Article initially published on Citywire.co.uk. Find the article here.
To say the world has changed over the last 25 years would be an understatement. The fourth industrial revolution exploded with the birth of a truly global marketplace.
In the borderless world of businesses, technology has disrupted the way we live, work, consume and even think; bringing unmatched dynamics and a completely new level playing field for companies across all sizes and sectors.
Well-established businesses and entire sectors are facing existential challenges and the wealth management industry is no different.
The private banking and wealth management industry at large is struggling to contend with increasing regulation, higher operating costs, intensifying competition, and significant geopolitical changes, all the while trying to improve profitability and respond to an evolving client base with rapidly changing investment demands and requirements.
This is partly due to the fact that these organisations have largely focused on solving existing business challenges and not embracing opportunities to create value and revenue in new ways. Wealth management approaches are often informed by traditional assumptions that are not necessarily appropriate or effective in developing solutions for today’s realities and clients’ needs.
For instance, Accenture points out that by 2020, 35% of the global wealth management market will be at risk, with competitors ranging from new entrants using digitally disruptive technology to retail banks entering the wealth management space – these companies see the opportunity behind offering financial services digitally to an increasingly digital savvy customer base. Although the underlying needs of the wealthy are timeless, the way they consume advice and solutions is evolving rapidly. Nowadays, for many clients, while human interaction is important, they are seeking ‘hybrid advice’, requiring different channels of communications with their banker.
Around 70% of high net worth and ultra-high net worth clients are already using digital financial services, with 85% of them using at least three mobile devices.
The wealth management sector must embrace this trend and position digital offerings as a core element of their value proposition. This must be in addition to the banker’s effort to build trust and expand client relationships.
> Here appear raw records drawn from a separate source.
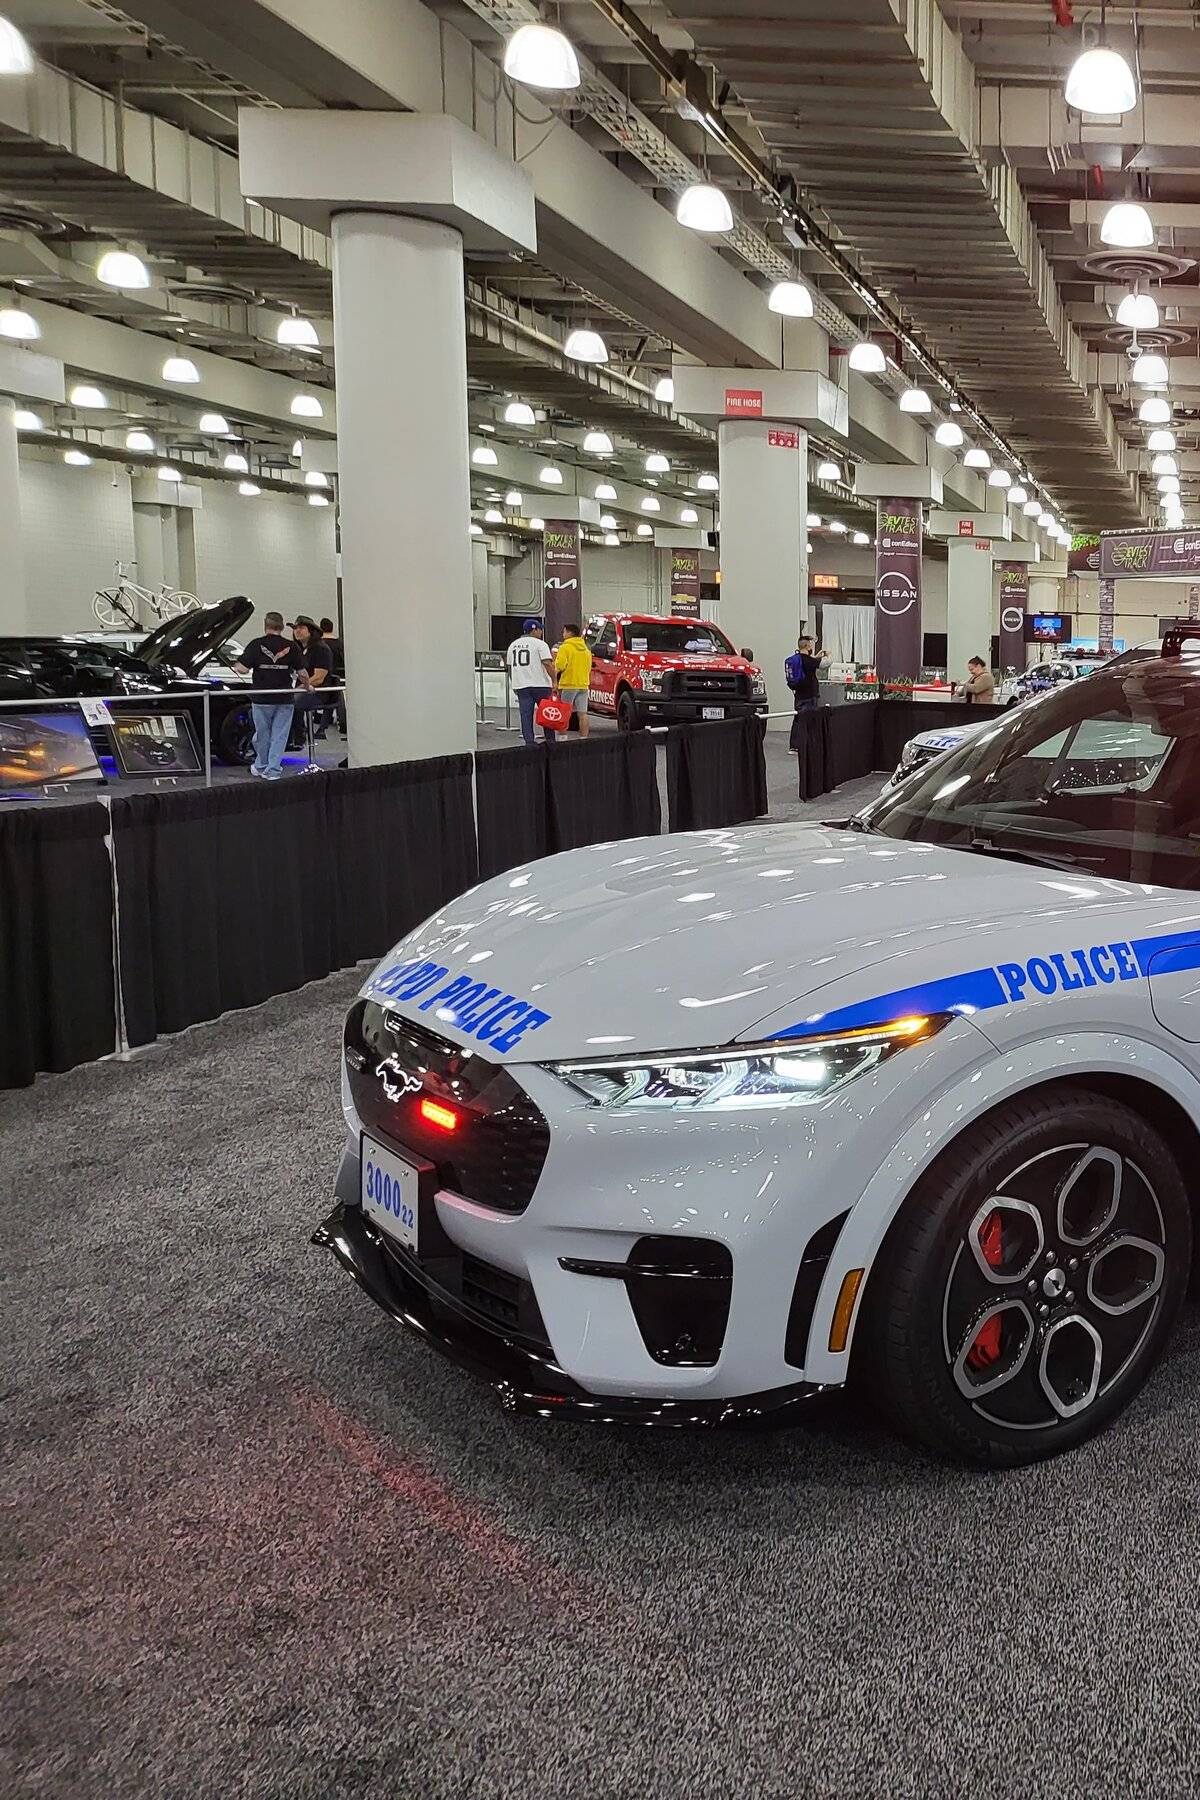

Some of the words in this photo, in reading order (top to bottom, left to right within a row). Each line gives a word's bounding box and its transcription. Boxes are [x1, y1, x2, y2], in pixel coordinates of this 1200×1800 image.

[727, 398, 742, 407] FIRE
[743, 399, 761, 408] HOSE
[886, 525, 916, 534] TRACK
[1124, 556, 1148, 569] TRACK
[877, 588, 917, 599] NISSAN
[512, 649, 531, 667] 10
[997, 943, 1138, 1002] POLICE
[418, 975, 552, 1054] POLICE
[366, 1161, 401, 1218] 3000
[402, 1204, 414, 1230] 22
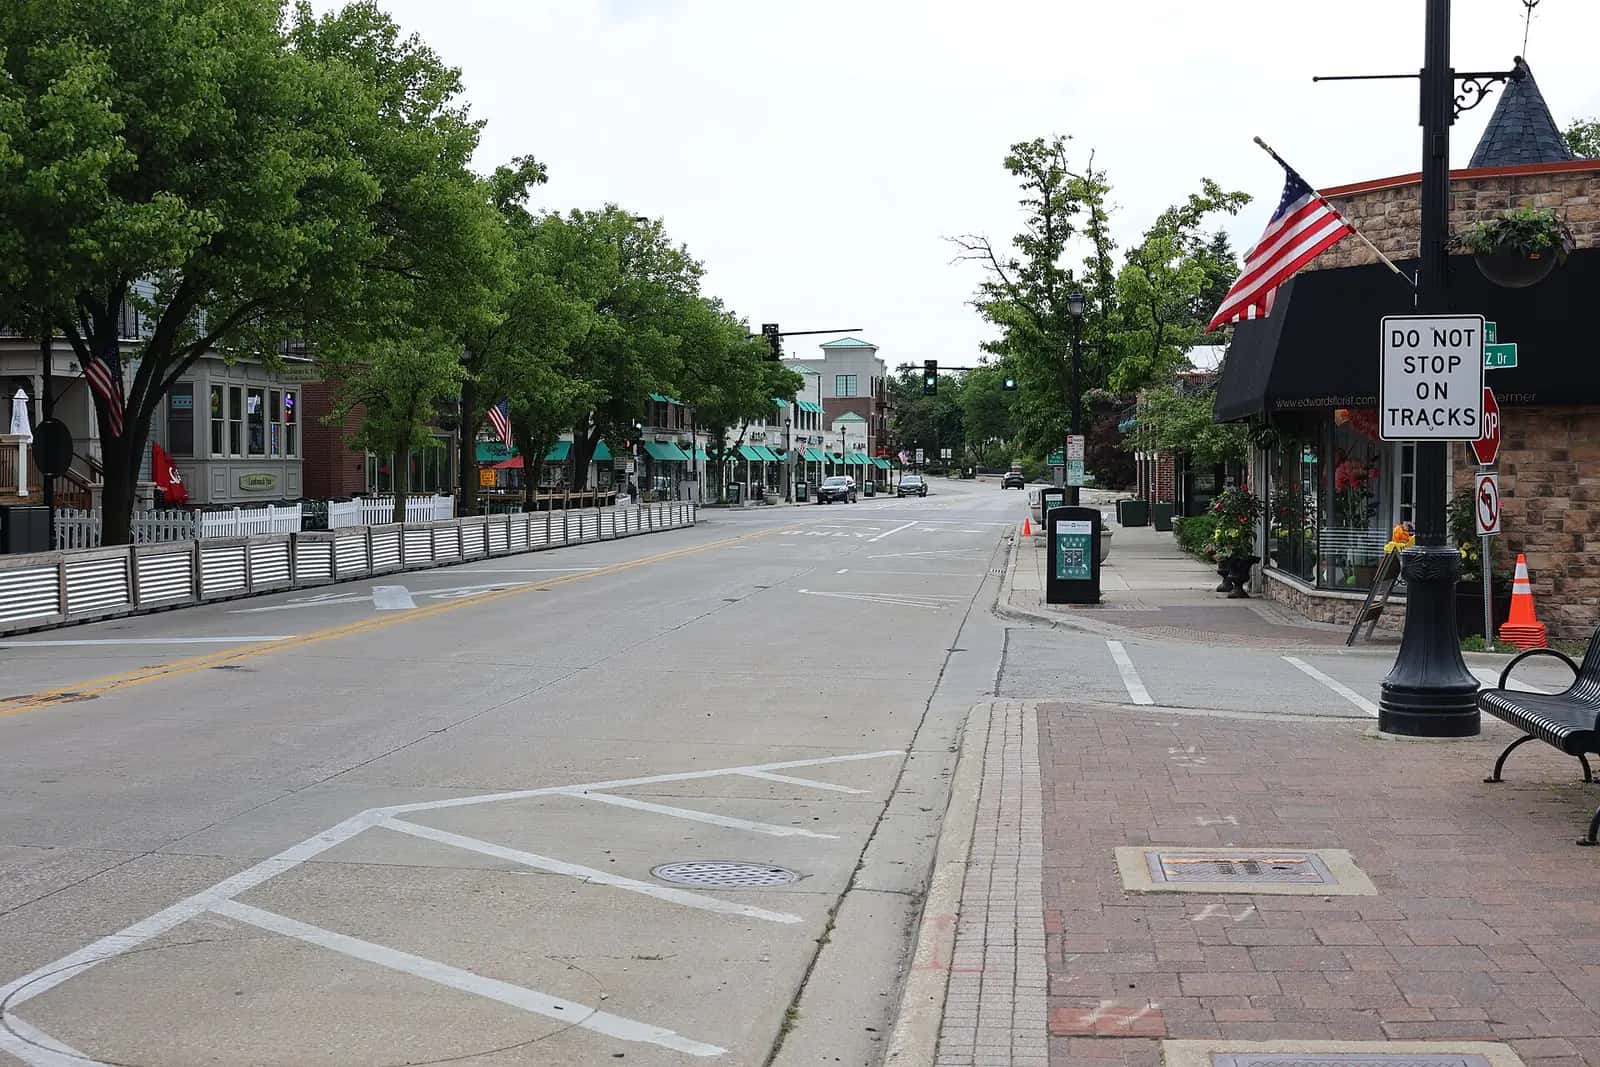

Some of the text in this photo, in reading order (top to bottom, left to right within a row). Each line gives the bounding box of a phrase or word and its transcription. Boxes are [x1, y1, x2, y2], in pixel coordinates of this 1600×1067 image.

The industry does not need to look very far for inspiration and a way forward; the successful experience of the retail financial services industry is already formidable proof of this mindset and the ‘disruptive innovation’ that is redefining the world we live in. Goldman Sachs, for example, has succeeded in launching a new digital retail bank in the UK – called Marcus - offering one of the highest saving rates in the market. Goldman’s has also partnered with MasterCard and Apple, to launch Apple’s foray into financial services called Apple Card.
With no card verification value (CVV) number or physical card unless the client asks for one, it perfectly matches today’s digital behaviors, offering even greater security and cash back which is credited to the user’s account daily. There are high expectations which should revolutionize the payments industry, with investors, analysts and consumers all looking forward to the launch with great interest. Will this agile move into financial services replace much needed revenues from the slowdown in their iPhone sales?
Only time will tell.
Google has also moved into the wealth management arena. Its new Google Pay app offers investors in India the ability to purchase gold in a virtual, digital way – a timeless commodity traded for millennia now brought into the 21st century. While one could also argue that the wealth management industry’s giants are simply too big to change, integrating an agile mindset and culture will serve the sector well. They must adapt company structures and thinking to meet the changing needs of individuals, providing new sustainable investment options and greater flexibility.
From a forward-thinking culture, to investing in digital interfaces to new routes to market, private banks must alter business models to look for more opportunities and offer more innovative solutions than the traditional set of tools available. Not doing so will not only result in the industry struggling to remain relevant but will miss the future opportunity of their core market booming, as net investable assets of wealthy individuals are set to rise from approximately $55 trillion today to $70 trillion by 2021.